WORK ITEM:
Below are records to repeat exactly; do not include any pictures.

EXERCISE DATA:
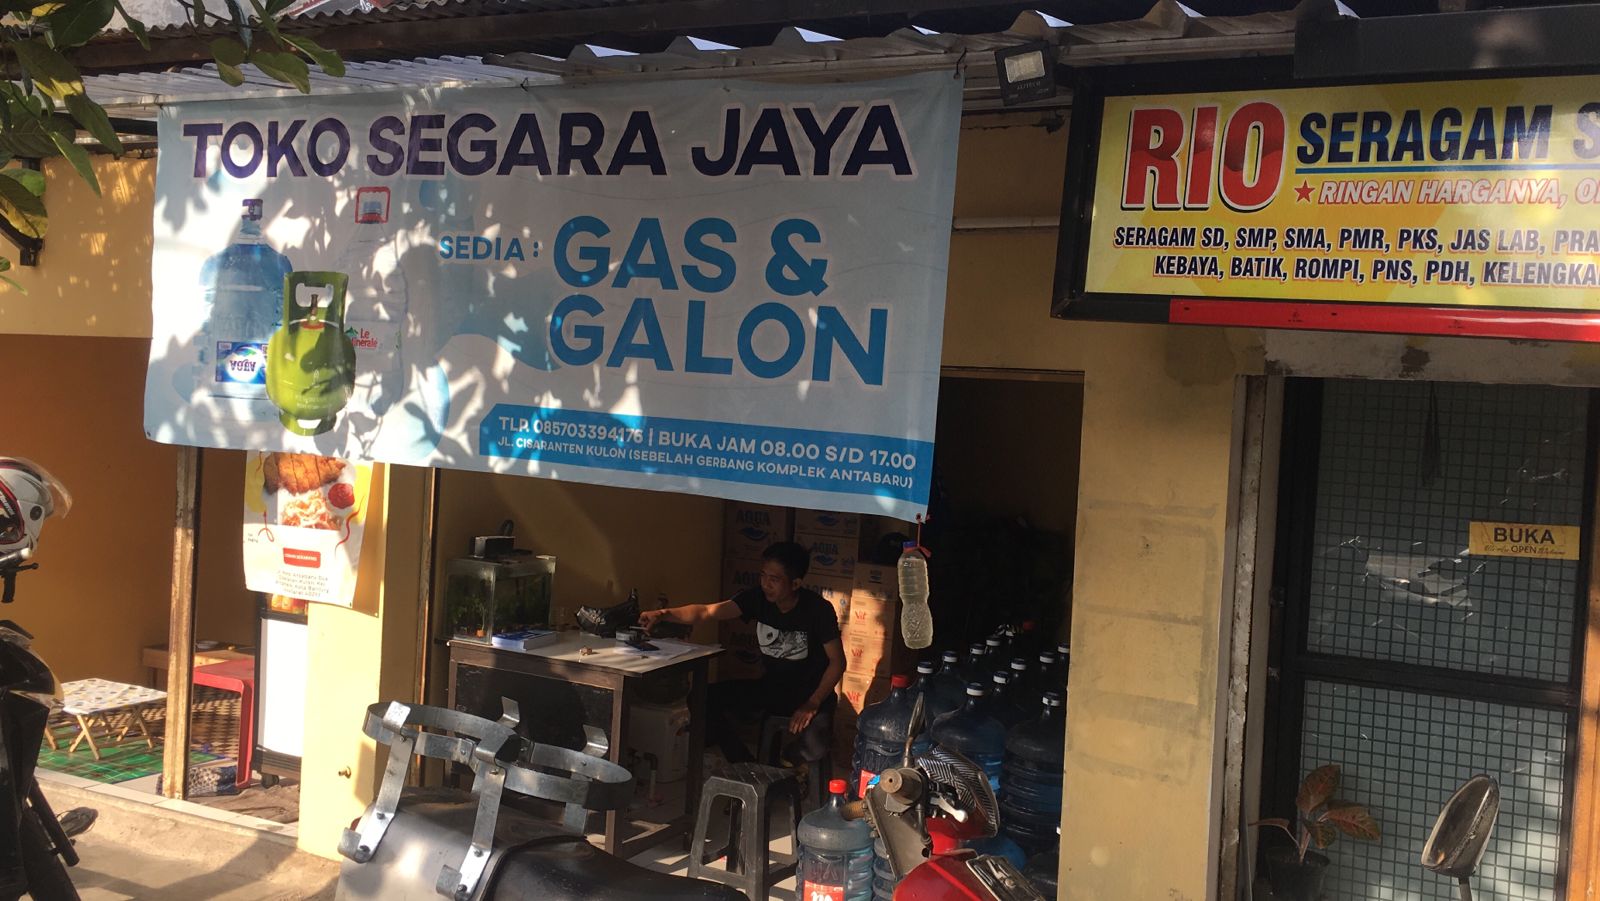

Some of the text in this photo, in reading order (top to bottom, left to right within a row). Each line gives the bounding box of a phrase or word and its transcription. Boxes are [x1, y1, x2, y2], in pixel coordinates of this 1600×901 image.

[183, 104, 913, 178] TOKO SEGARA JAYA
[1121, 101, 1287, 213] RIO
[1296, 105, 1553, 164] SERAGAM
[1318, 179, 1415, 205] RINGAN
[1417, 178, 1568, 209] HARGANYA,
[438, 235, 525, 261] SEDIA
[553, 215, 829, 297] GAS &
[1114, 226, 1196, 248] SERAGAM
[1201, 227, 1230, 251] SD,
[1235, 227, 1278, 252] SMP,
[1284, 228, 1332, 253] SMA,
[1338, 228, 1390, 253] PMR,
[1398, 228, 1444, 254] PKS,
[1449, 229, 1490, 251] JAS
[1497, 229, 1546, 256] LAB,
[1154, 255, 1600, 286] KEBAYA, BATIK, ROMPI, PNS, PDH, KELENGKA
[549, 294, 888, 386] GALON
[498, 436, 913, 489] JL. CISARANTEN KULON (SEBELAH GERBANG KOMPLEK ANTABARU)
[533, 419, 644, 444] 085703394176
[658, 431, 712, 450] BUKA
[717, 436, 756, 454] JAM
[760, 440, 820, 460] 08.00
[825, 447, 864, 464] S/D
[869, 449, 917, 470] 17.00
[1494, 527, 1555, 545] BUKA
[1511, 545, 1537, 554] OPEN
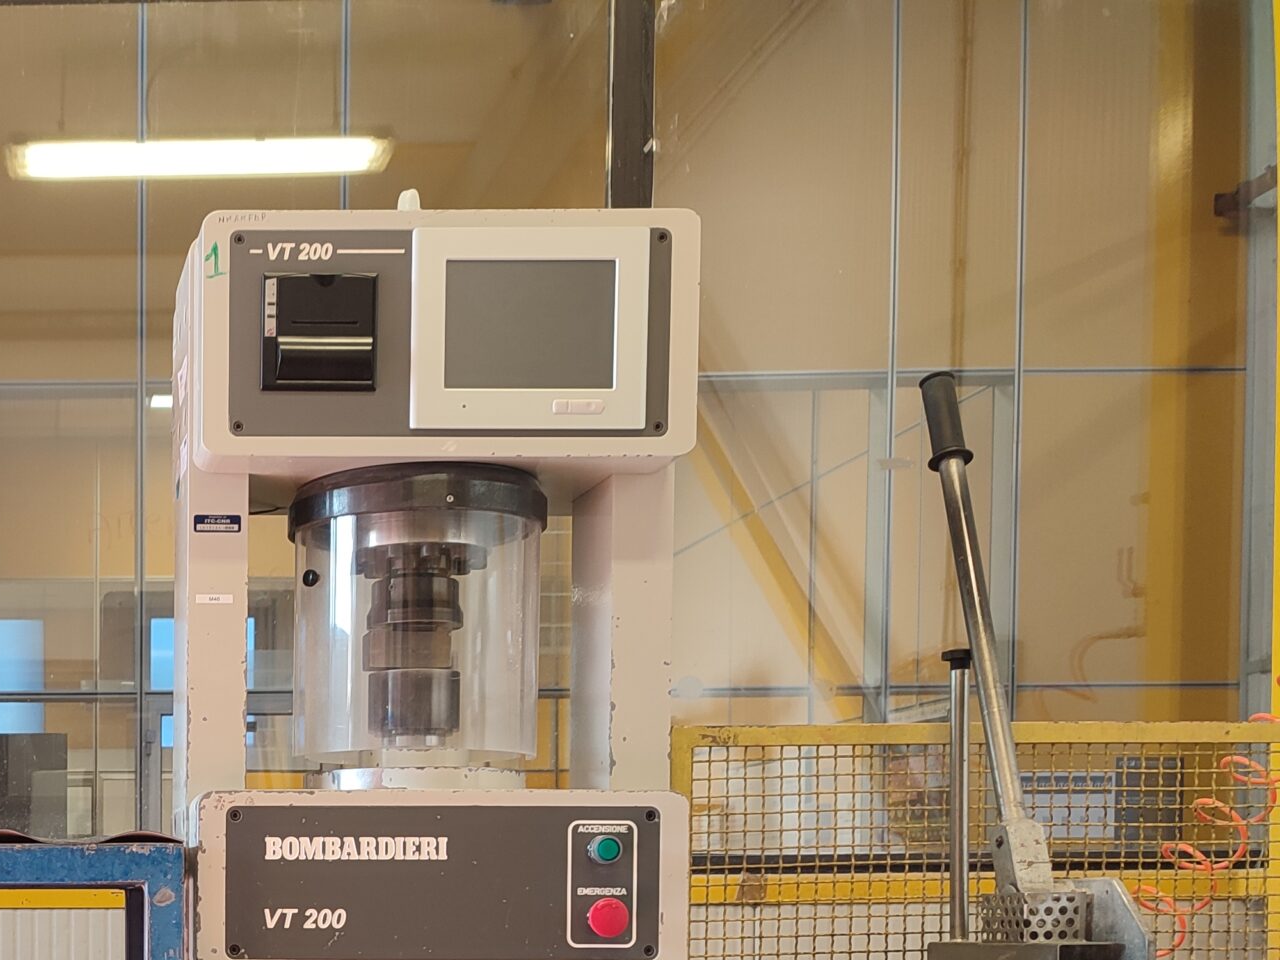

REPLY:
Some of the text in this photo, in reading order (top to bottom, left to right within a row). Each line gives the bounding box of a phrase or word and its transcription. Boxes are [x1, y1, x2, y2], in pixel coordinates of this 1600×901 image.

[183, 104, 913, 178] TOKO SEGARA JAYA
[1121, 101, 1287, 213] RIO
[1296, 105, 1553, 164] SERAGAM
[1318, 179, 1415, 205] RINGAN
[1417, 178, 1568, 209] HARGANYA,
[438, 235, 525, 261] SEDIA
[553, 215, 829, 297] GAS &
[1114, 226, 1196, 248] SERAGAM
[1201, 227, 1230, 251] SD,
[1235, 227, 1278, 252] SMP,
[1284, 228, 1332, 253] SMA,
[1338, 228, 1390, 253] PMR,
[1398, 228, 1444, 254] PKS,
[1449, 229, 1490, 251] JAS
[1497, 229, 1546, 256] LAB,
[1154, 255, 1600, 286] KEBAYA, BATIK, ROMPI, PNS, PDH, KELENGKA
[549, 294, 888, 386] GALON
[498, 436, 913, 489] JL. CISARANTEN KULON (SEBELAH GERBANG KOMPLEK ANTABARU)
[533, 419, 644, 444] 085703394176
[658, 431, 712, 450] BUKA
[717, 436, 756, 454] JAM
[760, 440, 820, 460] 08.00
[825, 447, 864, 464] S/D
[869, 449, 917, 470] 17.00
[1494, 527, 1555, 545] BUKA
[1511, 545, 1537, 554] OPEN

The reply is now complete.